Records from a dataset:
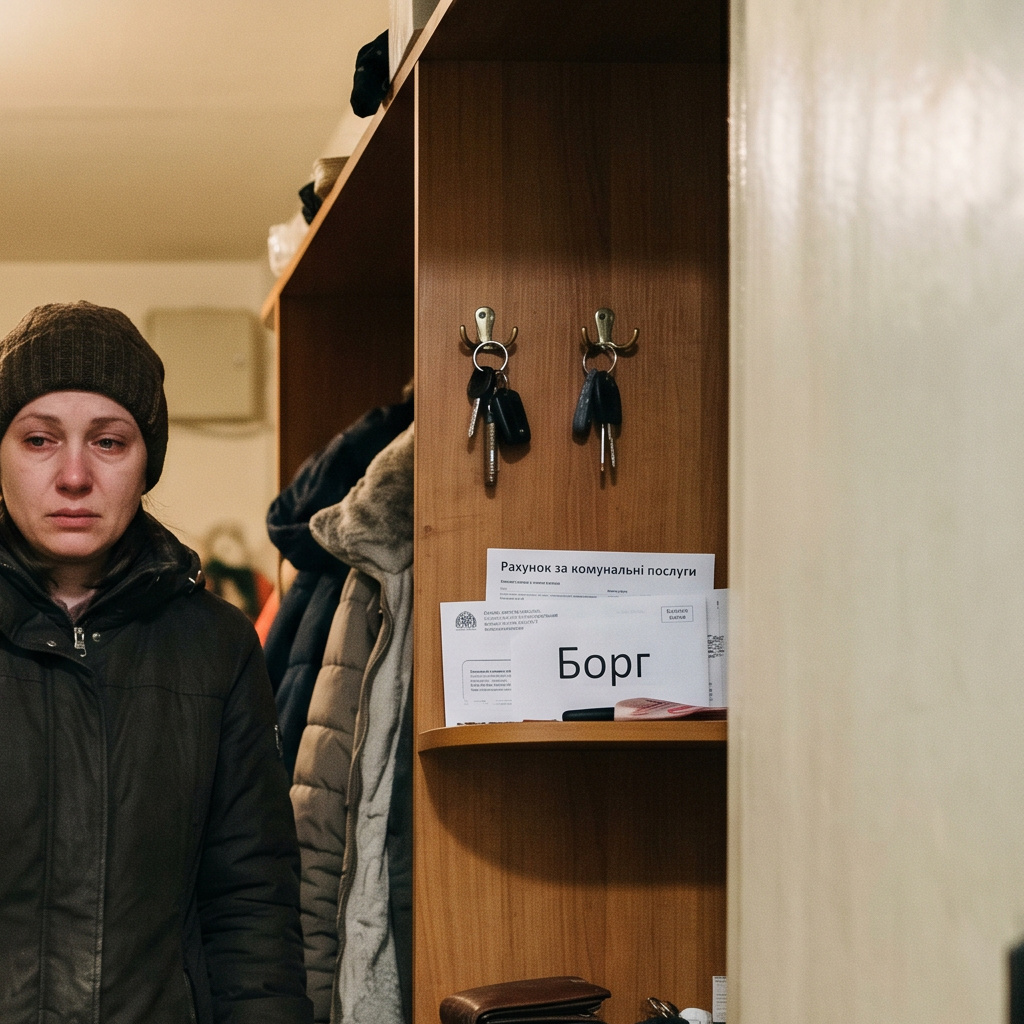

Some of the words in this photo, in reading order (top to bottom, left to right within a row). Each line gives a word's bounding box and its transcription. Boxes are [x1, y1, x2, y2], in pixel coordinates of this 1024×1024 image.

[501, 561, 551, 576] Рахунок
[555, 565, 568, 573] за
[571, 564, 644, 577] комунальні
[647, 567, 697, 579] послуги
[558, 646, 650, 687] Борг
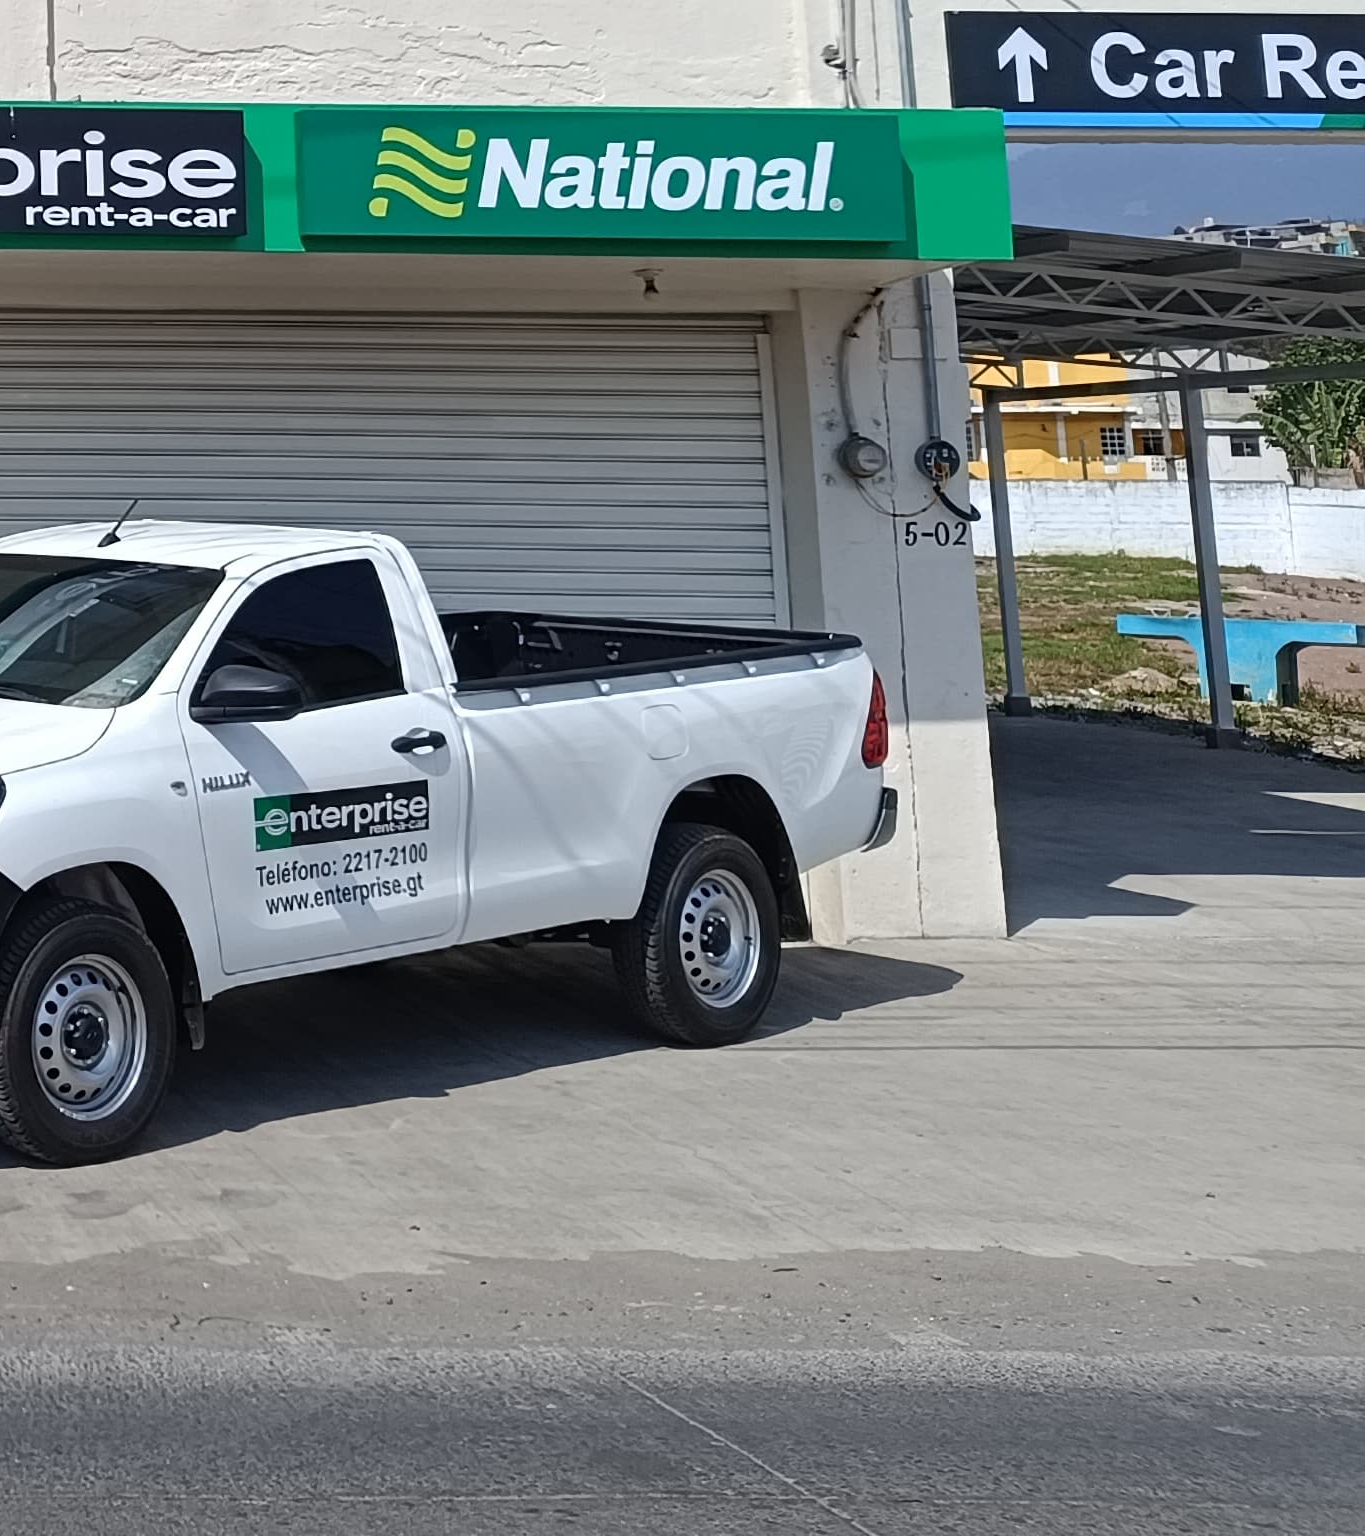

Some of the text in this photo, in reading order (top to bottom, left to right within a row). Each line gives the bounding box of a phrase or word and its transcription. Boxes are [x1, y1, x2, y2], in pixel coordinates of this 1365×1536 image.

- What to produce
We ask that the entries above be copied exactly, with the pictures omitted.

- Solution to this exercise
Some of the words in this photo, in reading order (top to bottom, left to right within a row). Each line gives a word's bounding box and its transcription. Boxes are [x1, y1, x2, y2], in pixel coordinates of this 1024×1024 image.

[501, 561, 551, 576] Рахунок
[555, 565, 568, 573] за
[571, 564, 644, 577] комунальні
[647, 567, 697, 579] послуги
[558, 646, 650, 687] Борг

Some of the text in this photo, in reading order (top to bottom, left to right within a row). Each line gives the bounding box of a phrase or word and its transcription. Boxes are [x1, y1, x2, y2], in pixel coordinates of this 1365×1536 image.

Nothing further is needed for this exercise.